Ölenlerin daha kırkları çıkmadan, gözünü şeytani şekilde rant hırsı bürümüş kişiler, depremi fırsata çevirip yeni ihaleler kapabilmek amacıyla çarçabuk yine aynı hataları hızla yeniden tekrarlanmaya çalışmaktadırlar. Anayasamızda doğa, toprak, su ve tarım ilişkisi çerçevesinde tarım, orman ve doğa alanlarının korunması ve kullanımı ile ilgili kısıtlayıcı hükümler olmasına rağmen göz göre göre suç işlenmektedir. Zamanında tevekkül ile yeterli tedbiri almayanlar yaşananlara kader diyerek sorumluluğu Allah’a atmaktadır. Allah’ın bize lütfettiği aklı kullanabilenler durumun farkındadır. İslamiyet’e aykırı şekilde topluma dayatılan kadercilik yaklaşımı eğer bilinçsizce yapılıyorsa cahillikten, bilinçli yapılıyorsa Allah’a inançsızlıktandır.

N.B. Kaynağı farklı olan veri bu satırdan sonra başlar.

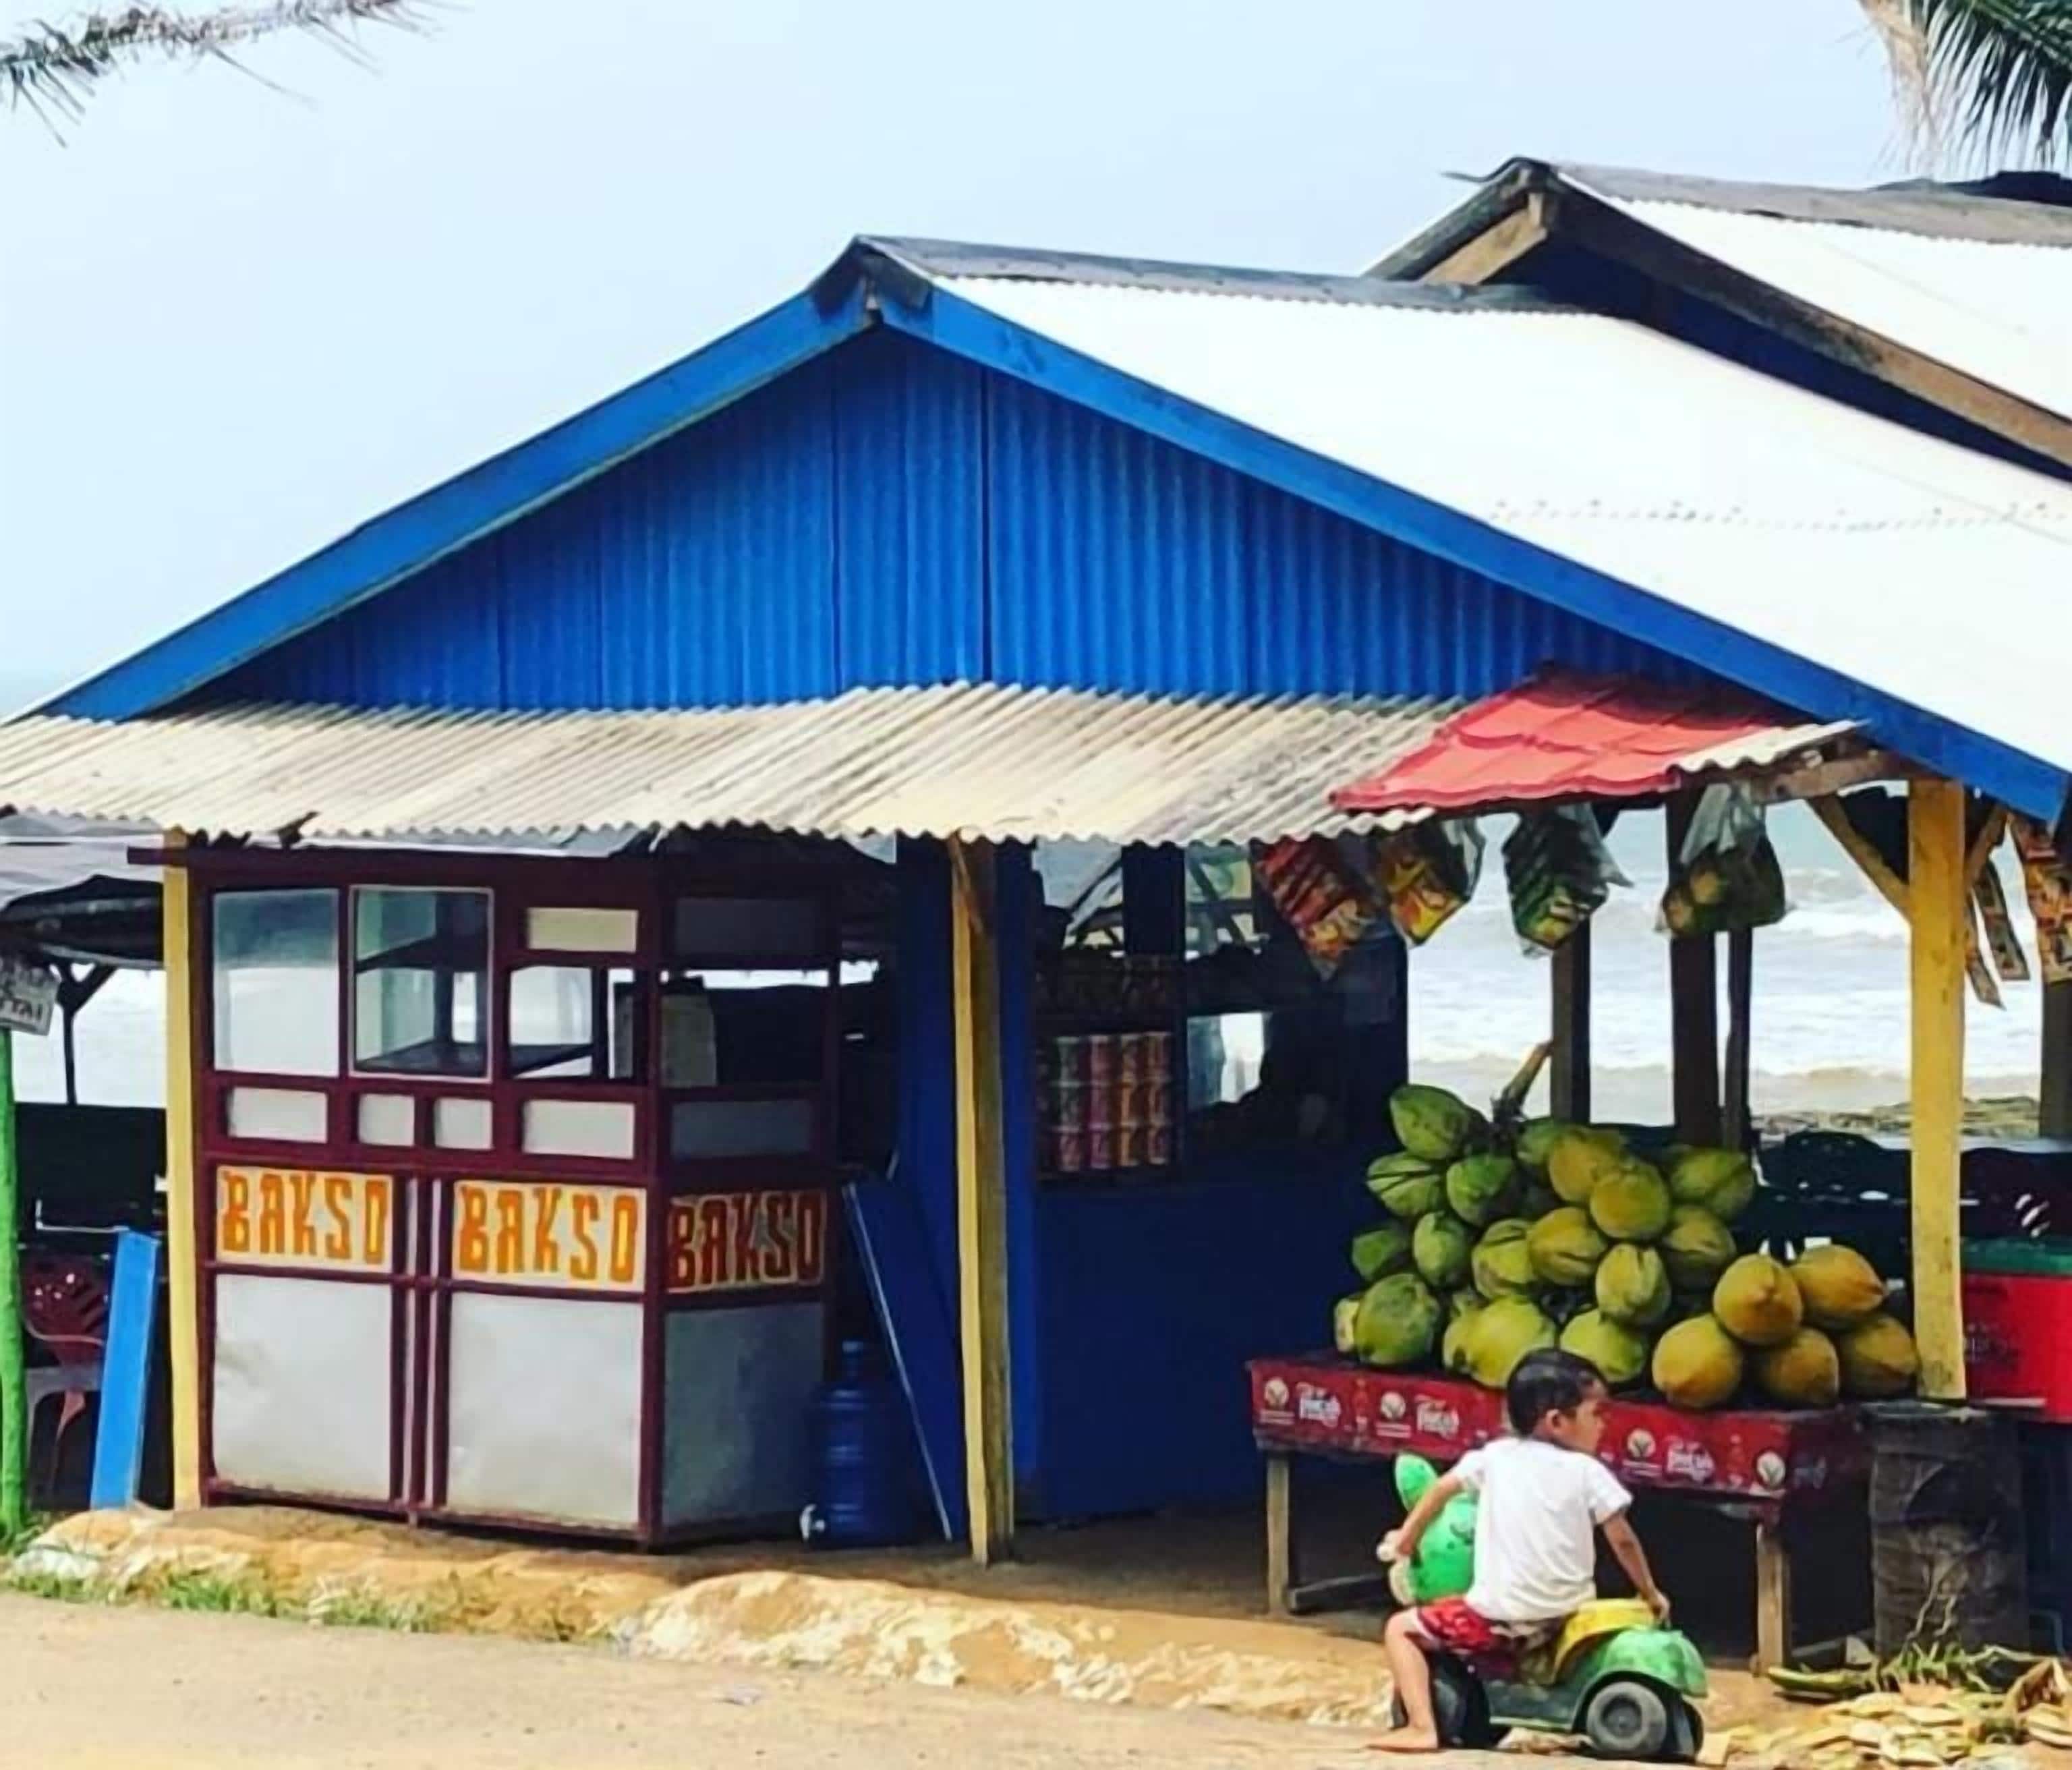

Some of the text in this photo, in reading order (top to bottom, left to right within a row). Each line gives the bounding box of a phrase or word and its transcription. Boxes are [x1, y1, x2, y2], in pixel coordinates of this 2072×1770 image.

Artık hepimiz biliyoruz ki; yapılanlar bilinçlidir ve bu zihniyet aşılamadıkça, aklın ve bilimin ışığında hiç iş yapılamayacaktır. Kimsenin Yüce Türk Milletine aynı acıları her defasında daha ağır bedellerle yaşatmaya, varlık içinde yokluk çektirmeye hakkı yoktur.

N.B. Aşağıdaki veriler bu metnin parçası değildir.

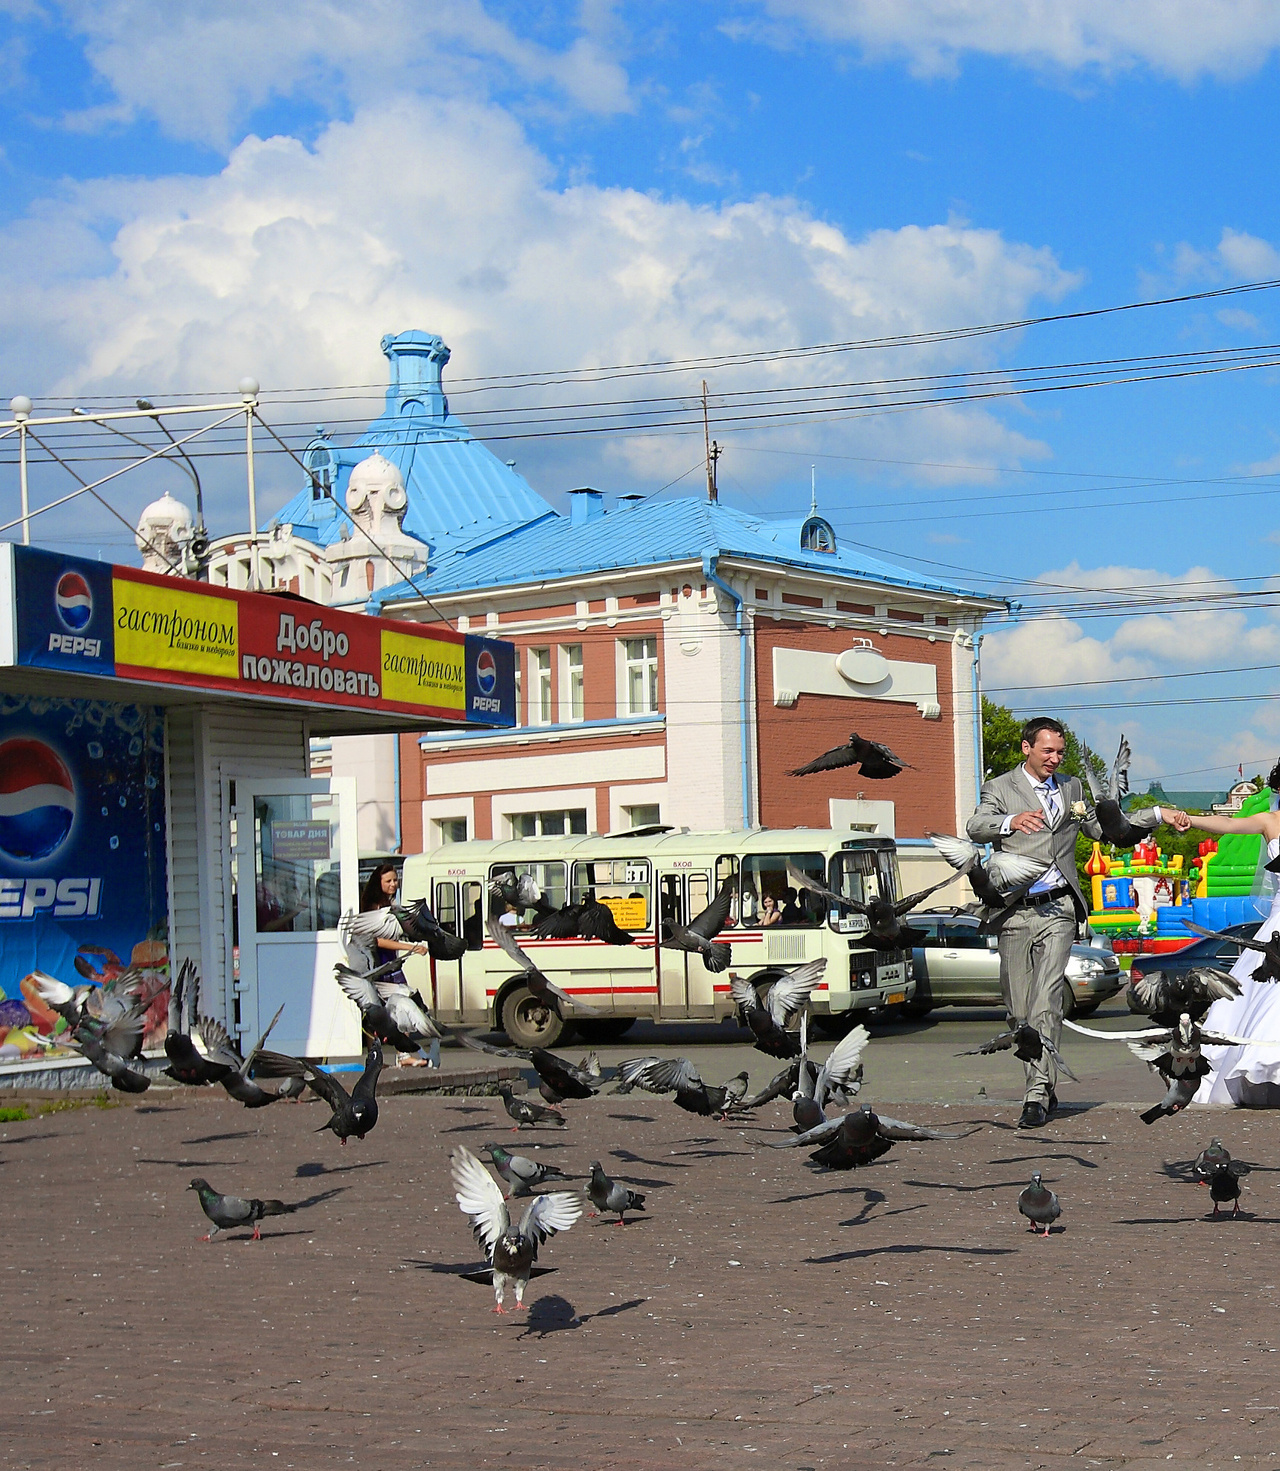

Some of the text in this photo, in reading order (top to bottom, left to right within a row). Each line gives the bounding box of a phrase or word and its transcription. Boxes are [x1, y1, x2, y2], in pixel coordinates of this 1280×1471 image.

Rahmetli babamın çok sinirlendiğinde söylediği bir sözü vardı. Büyük ahlaksızlık yapanlara, “Kuldan utanmıyorsan, bari Allah’tan kork” derdi. Bu tür alçaklara fırsat vermemeliyiz. Büyük Önderimiz Mustafa Kemal Atatürk’ün izinde, iman dolu göğsümüzle dik durma cesaretini göstermeliyiz. Bunun için çok önemli fırsat yakalamış durumdayız. İkinci yüzyılın İktisat Kongresinde, bilimsel ve etik değerler çerçevesinde, birlik ve beraberlik içinde ülkemize sahip çıkma azmi ve gayretiyle,
“Artık Bir Şeyler Yapmalıyız”.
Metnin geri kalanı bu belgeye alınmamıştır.